▶ [Assignment]
Return every record verbatim, omitting all pictures.

───── Data under study ─────

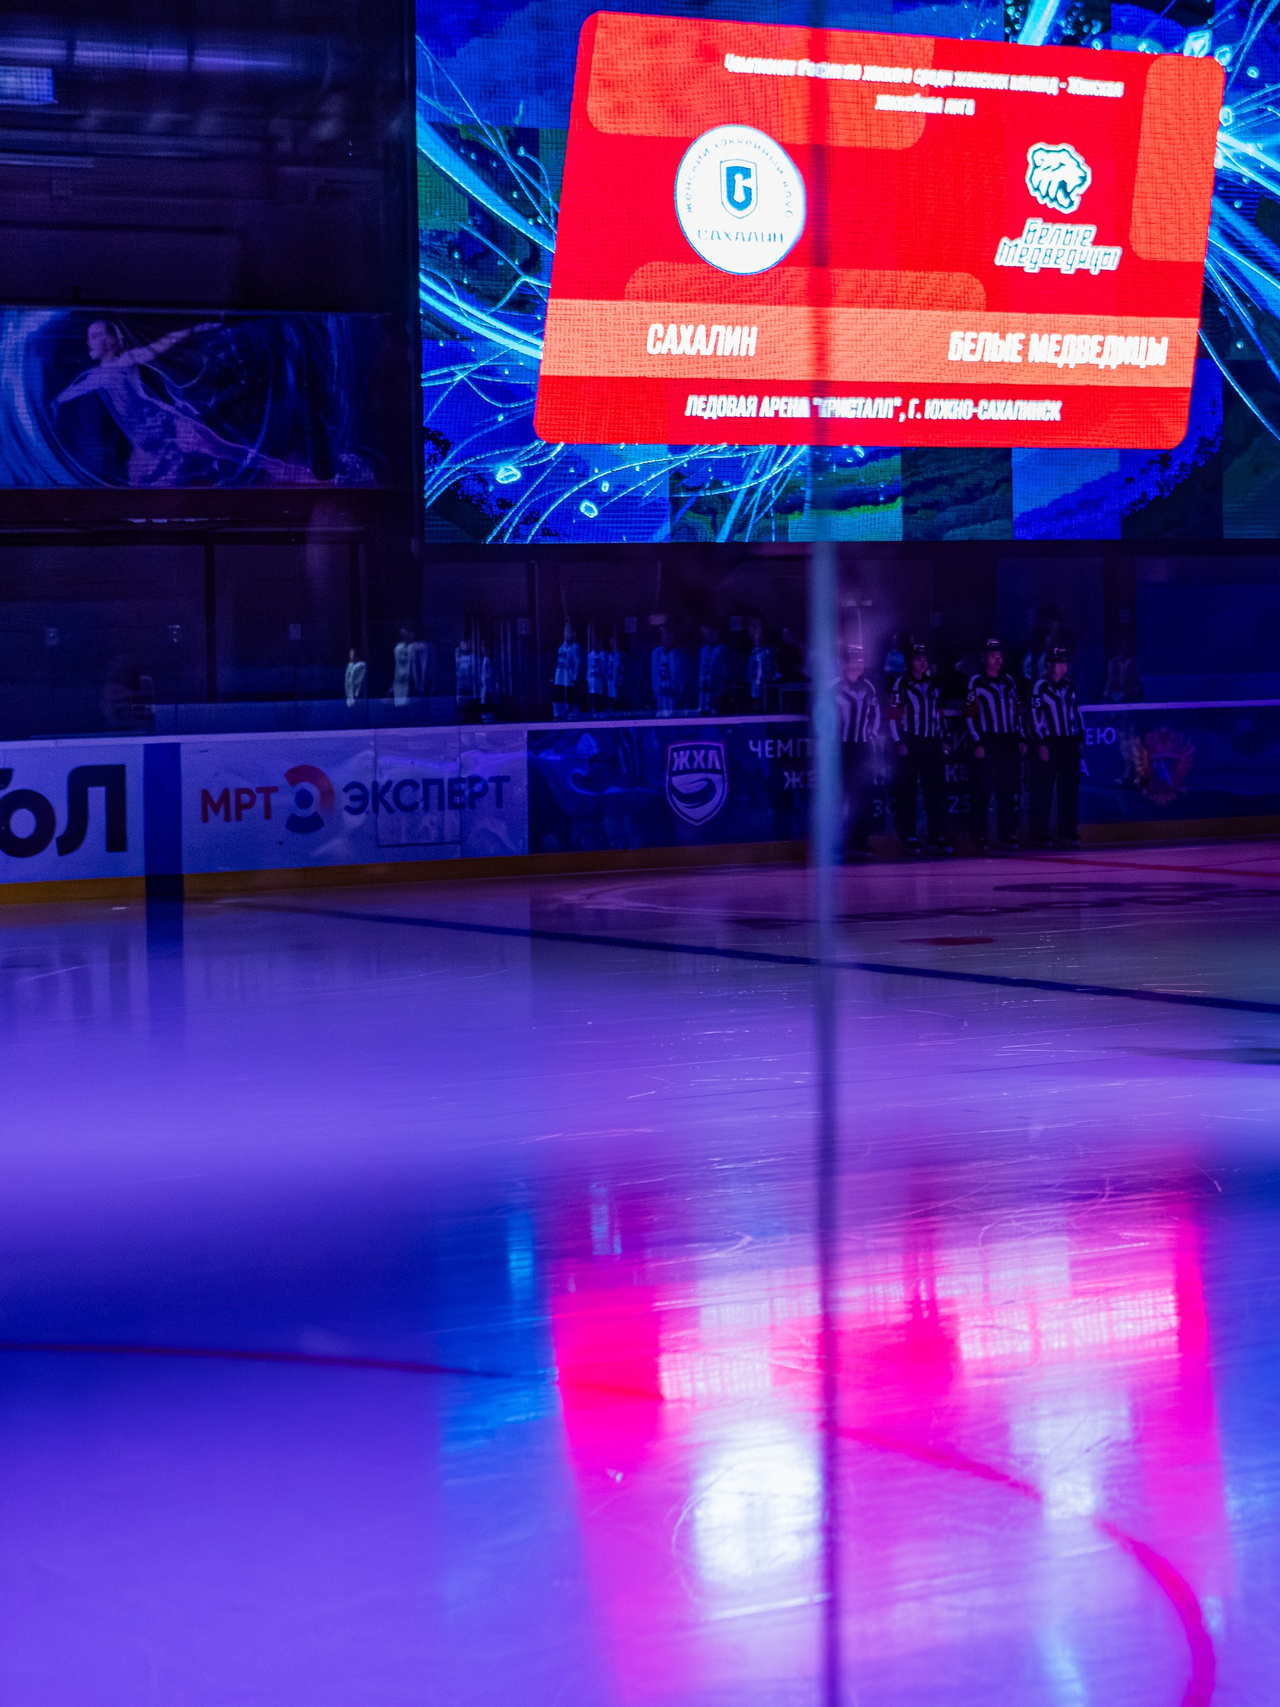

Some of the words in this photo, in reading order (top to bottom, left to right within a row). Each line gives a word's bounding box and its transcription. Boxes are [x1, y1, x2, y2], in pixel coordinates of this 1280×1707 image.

[646, 323, 758, 357] САХАЛИН
[948, 331, 1026, 363] БЕЛЫЕ
[1027, 333, 1169, 370] МЕДВЕДИЦЫ
[684, 394, 758, 420] ЛЕДОВАЯ
[759, 395, 811, 418] АРЕНА
[908, 398, 922, 420] Г.
[924, 399, 1063, 422] ЮЖНО-САХАЛИНСК
[672, 749, 722, 772] ЖХЛ
[201, 785, 279, 823] МРТ
[342, 775, 511, 815] ЭКСПЕРТ

─────

▶ [Output of the task]
Some of the words in this photo, in reading order (top to bottom, left to right within a row). Each line gives a word's bounding box and its transcription. Boxes are [x1, y1, x2, y2], in pixel coordinates of this 1280×1707 image.

[646, 323, 758, 357] САХАЛИН
[948, 331, 1026, 363] БЕЛЫЕ
[1027, 333, 1169, 370] МЕДВЕДИЦЫ
[684, 394, 758, 420] ЛЕДОВАЯ
[759, 395, 811, 418] АРЕНА
[908, 398, 922, 420] Г.
[924, 399, 1063, 422] ЮЖНО-САХАЛИНСК
[672, 749, 722, 772] ЖХЛ
[201, 785, 279, 823] МРТ
[342, 775, 511, 815] ЭКСПЕРТ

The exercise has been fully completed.